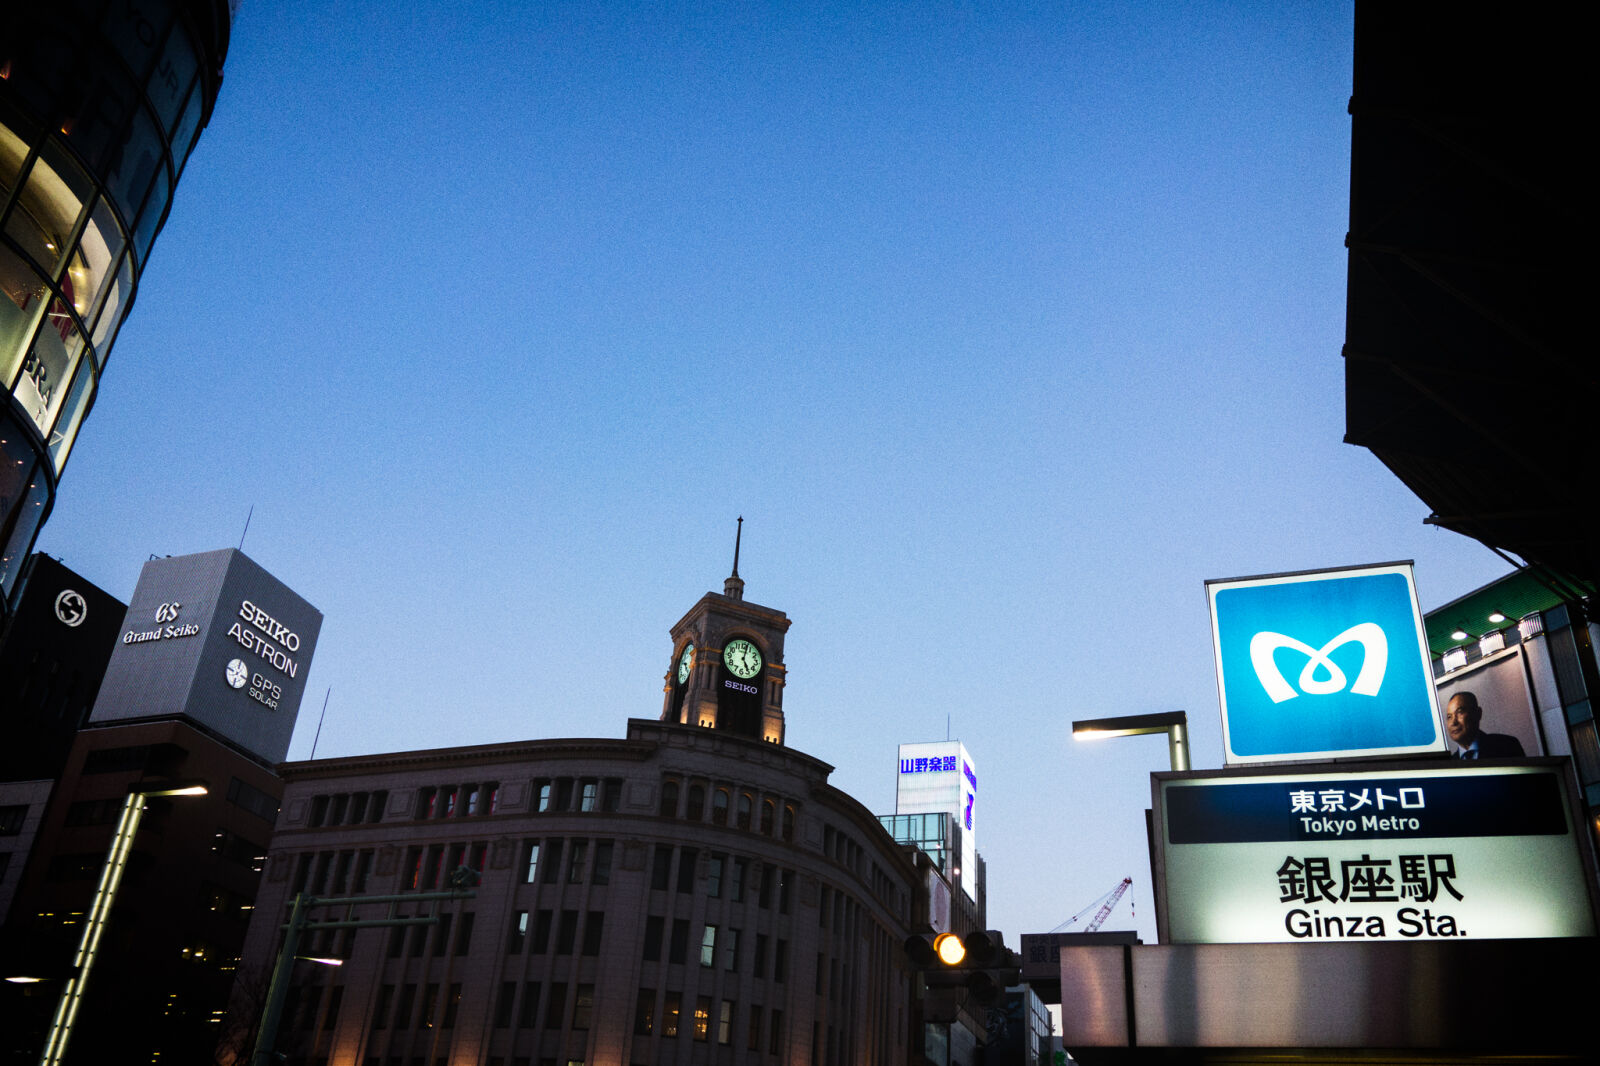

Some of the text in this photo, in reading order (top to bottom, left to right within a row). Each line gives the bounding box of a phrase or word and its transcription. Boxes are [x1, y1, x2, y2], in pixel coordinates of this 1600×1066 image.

[155, 602, 180, 623] GS
[123, 623, 200, 644] Grand Seiko
[239, 600, 300, 652] SEIKO
[227, 622, 298, 678] ASTRON
[248, 687, 278, 710] SOLAR
[252, 672, 282, 700] GPS
[725, 680, 757, 694] SEIKO
[900, 755, 957, 774] 山野楽器
[1289, 787, 1425, 814] 東京メトロ
[1300, 815, 1420, 837] Tokyo Metro
[1275, 853, 1465, 904] 銀座駅
[1284, 908, 1467, 938] Ginza Sta.
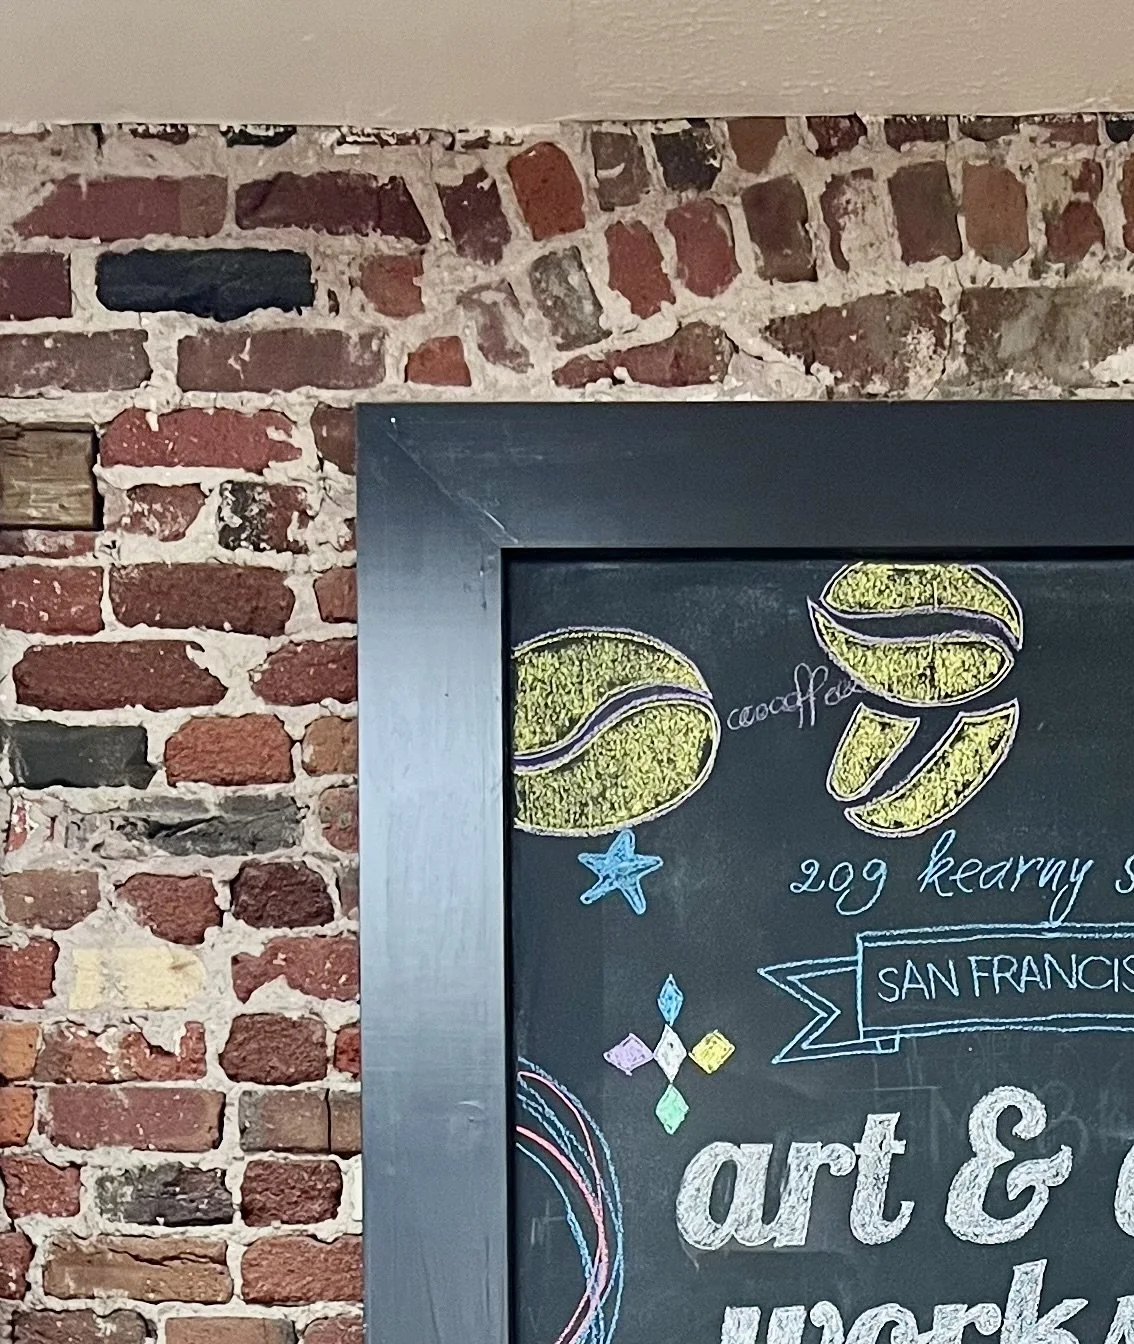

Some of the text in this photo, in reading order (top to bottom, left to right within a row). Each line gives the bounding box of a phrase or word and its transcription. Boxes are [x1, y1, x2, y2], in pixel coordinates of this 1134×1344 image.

[790, 858, 887, 916] 209
[917, 829, 1094, 924] kearny
[877, 956, 959, 1002] SAN
[676, 1110, 914, 1250] art
[944, 1085, 1073, 1245] &
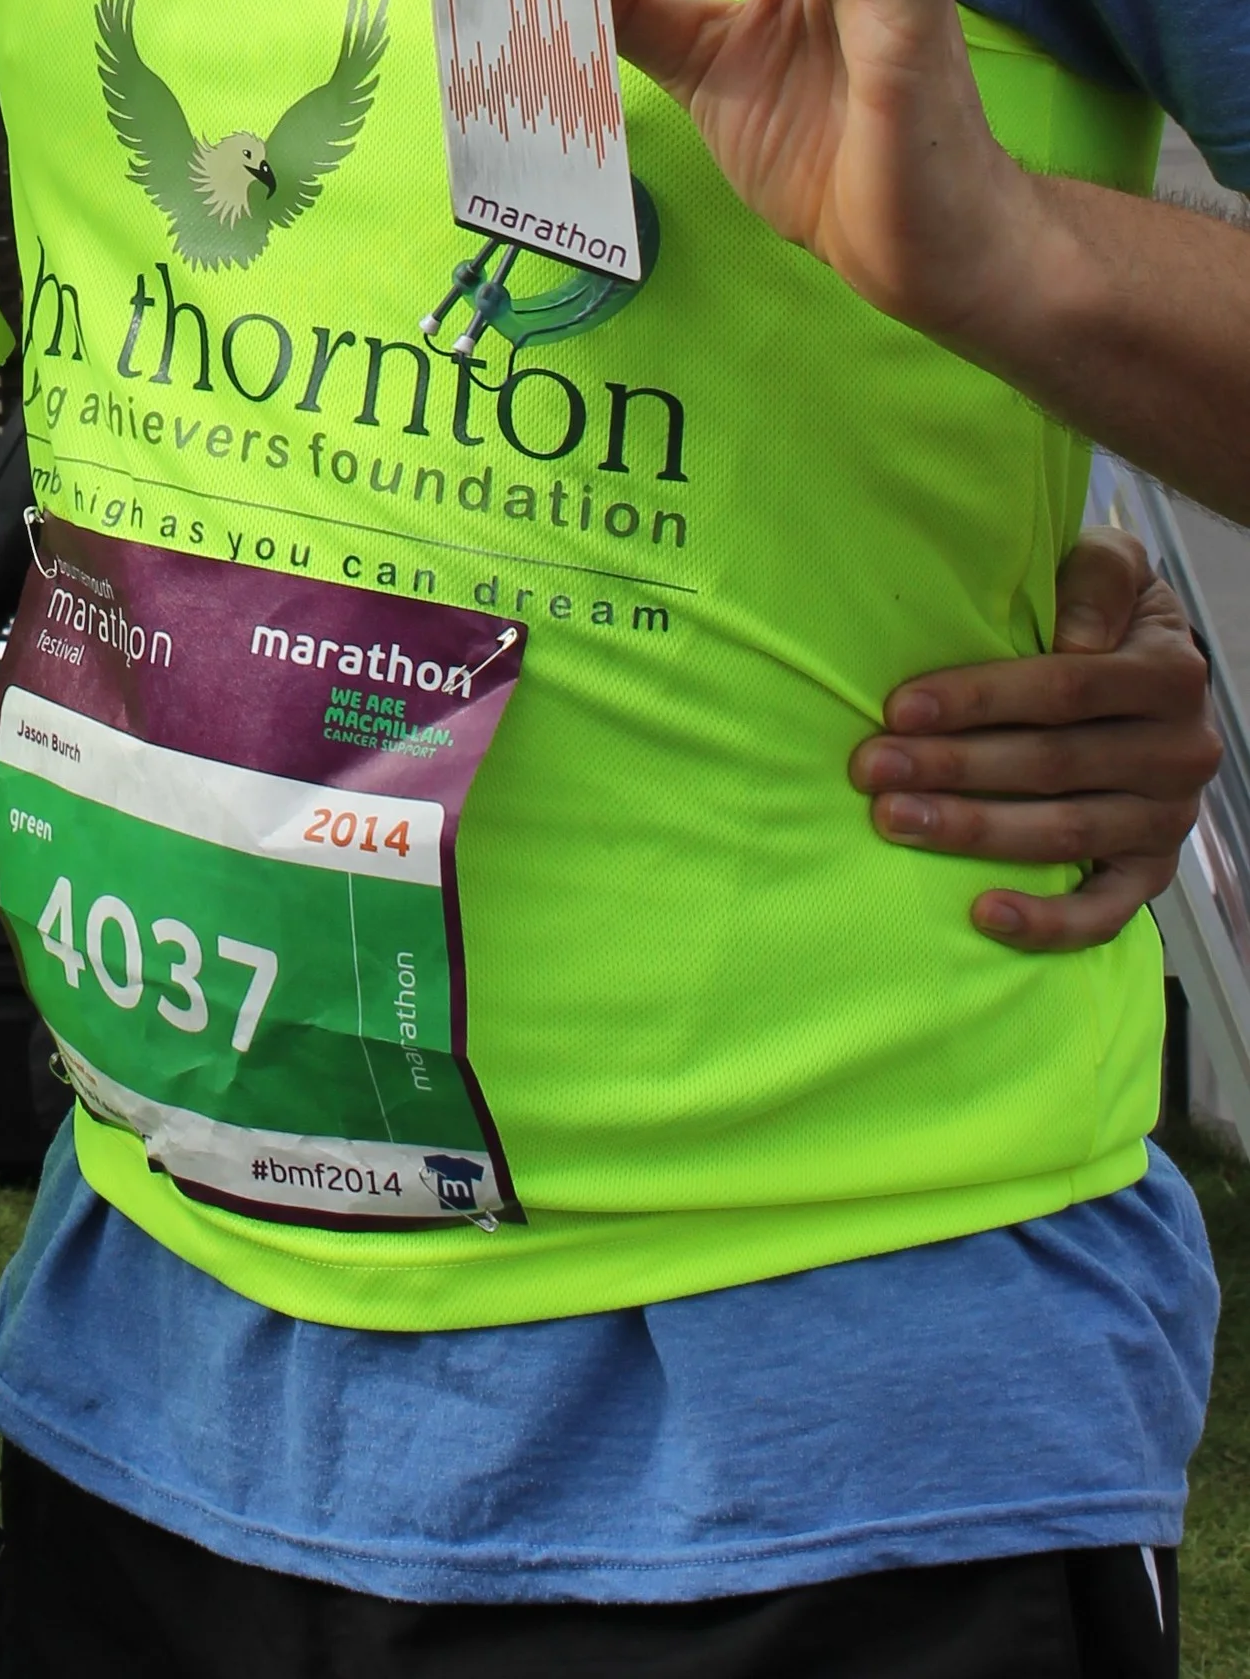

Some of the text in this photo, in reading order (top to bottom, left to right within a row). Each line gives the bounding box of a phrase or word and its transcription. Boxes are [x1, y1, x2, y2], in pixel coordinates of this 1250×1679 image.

[466, 193, 628, 269] marathon
[115, 263, 690, 483] thornton
[308, 433, 688, 549] foundation
[74, 481, 670, 633] high as you can dream
[36, 628, 86, 666] festival
[251, 625, 472, 699] marathon
[330, 686, 406, 719] WE ARE
[17, 719, 81, 763] Jason Burch
[323, 727, 437, 759] CANCER SUPPORT
[10, 808, 53, 842] green
[303, 807, 411, 858] 2014
[36, 875, 279, 1054] 4037
[393, 950, 433, 1092] marathon
[252, 1157, 403, 1197] #bmf2014

EXERCISE DESCRIPTION:
Copy all the entries above exactly as they stand, except for the pictures.

RESPONSE TO THE EXERCISE:
Some of the text in this photo, in reading order (top to bottom, left to right within a row). Each line gives the bounding box of a phrase or word and its transcription. Boxes are [x1, y1, x2, y2], in pixel coordinates of this 1600×1066 image.

[155, 602, 180, 623] GS
[123, 623, 200, 644] Grand Seiko
[239, 600, 300, 652] SEIKO
[227, 622, 298, 678] ASTRON
[248, 687, 278, 710] SOLAR
[252, 672, 282, 700] GPS
[725, 680, 757, 694] SEIKO
[900, 755, 957, 774] 山野楽器
[1289, 787, 1425, 814] 東京メトロ
[1300, 815, 1420, 837] Tokyo Metro
[1275, 853, 1465, 904] 銀座駅
[1284, 908, 1467, 938] Ginza Sta.

Some of the text in this photo, in reading order (top to bottom, left to right within a row). Each line gives the bounding box of a phrase or word and its transcription. Boxes are [x1, y1, x2, y2], in pixel coordinates of this 1134×1344 image.

[790, 858, 887, 916] 209
[917, 829, 1094, 924] kearny
[877, 956, 959, 1002] SAN
[676, 1110, 914, 1250] art
[944, 1085, 1073, 1245] &

Some of the text in this photo, in reading order (top to bottom, left to right within a row). Each line gives the bounding box of a phrase or word and its transcription. Boxes are [x1, y1, x2, y2], in pixel coordinates of this 1250×1679 image.

[466, 193, 628, 269] marathon
[115, 263, 690, 483] thornton
[308, 433, 688, 549] foundation
[74, 481, 670, 633] high as you can dream
[36, 628, 86, 666] festival
[251, 625, 472, 699] marathon
[330, 686, 406, 719] WE ARE
[17, 719, 81, 763] Jason Burch
[323, 727, 437, 759] CANCER SUPPORT
[10, 808, 53, 842] green
[303, 807, 411, 858] 2014
[36, 875, 279, 1054] 4037
[393, 950, 433, 1092] marathon
[252, 1157, 403, 1197] #bmf2014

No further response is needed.